What you should do: Your response is a verbatim copy of the listing, stripped of its images.
··· Provided data
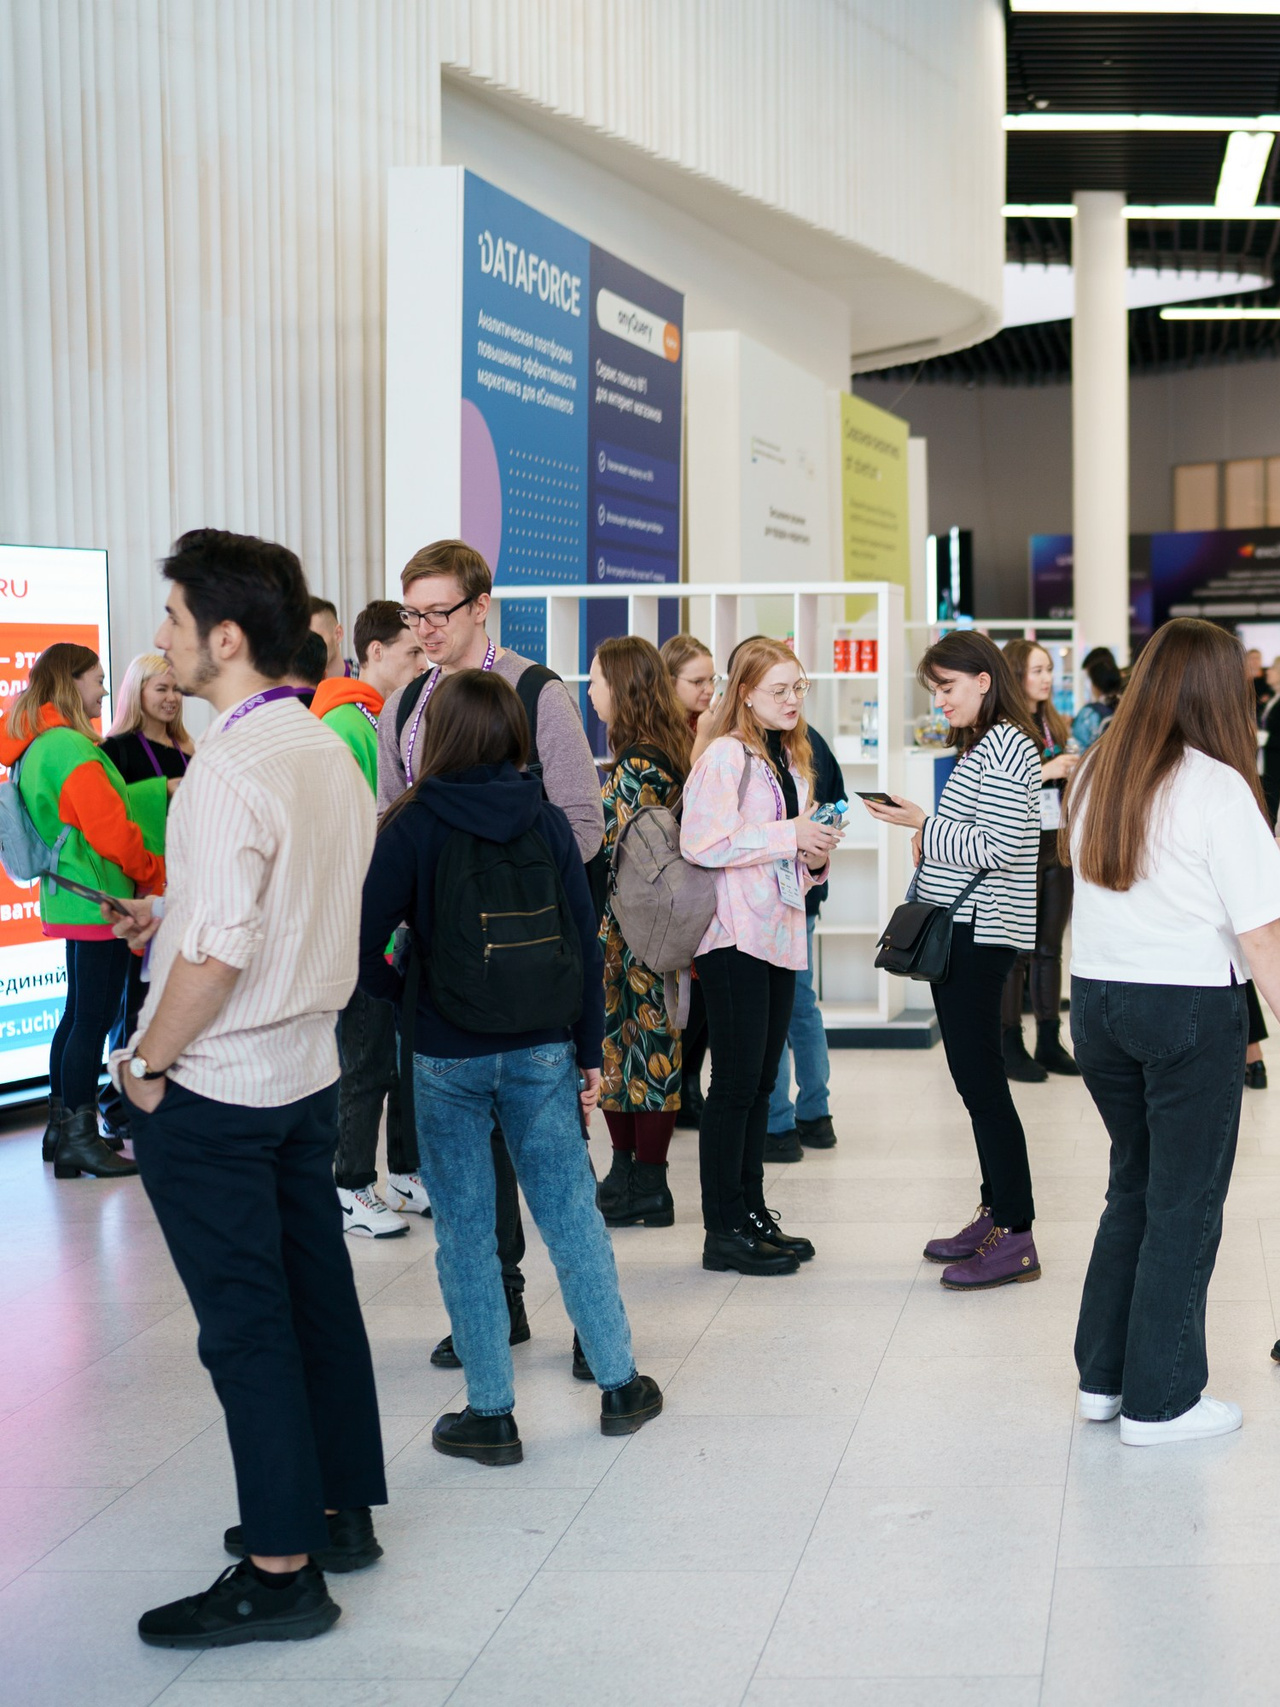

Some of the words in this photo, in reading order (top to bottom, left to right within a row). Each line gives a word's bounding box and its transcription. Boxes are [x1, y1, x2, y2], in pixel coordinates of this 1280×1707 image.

[478, 229, 581, 317] DATAFORCE
[477, 308, 534, 348] Аналитическая
[534, 336, 573, 365] платформа
[477, 339, 522, 370] повышения
[522, 354, 577, 391] эффективности
[477, 368, 521, 397] маркетинга
[522, 384, 536, 404] для
······
Your solution:
Some of the words in this photo, in reading order (top to bottom, left to right within a row). Each line gives a word's bounding box and its transcription. Boxes are [x1, y1, x2, y2], in pixel coordinates of this 1280×1707 image.

[478, 229, 581, 317] DATAFORCE
[477, 308, 534, 348] Аналитическая
[534, 336, 573, 365] платформа
[477, 339, 522, 370] повышения
[522, 354, 577, 391] эффективности
[477, 368, 521, 397] маркетинга
[522, 384, 536, 404] для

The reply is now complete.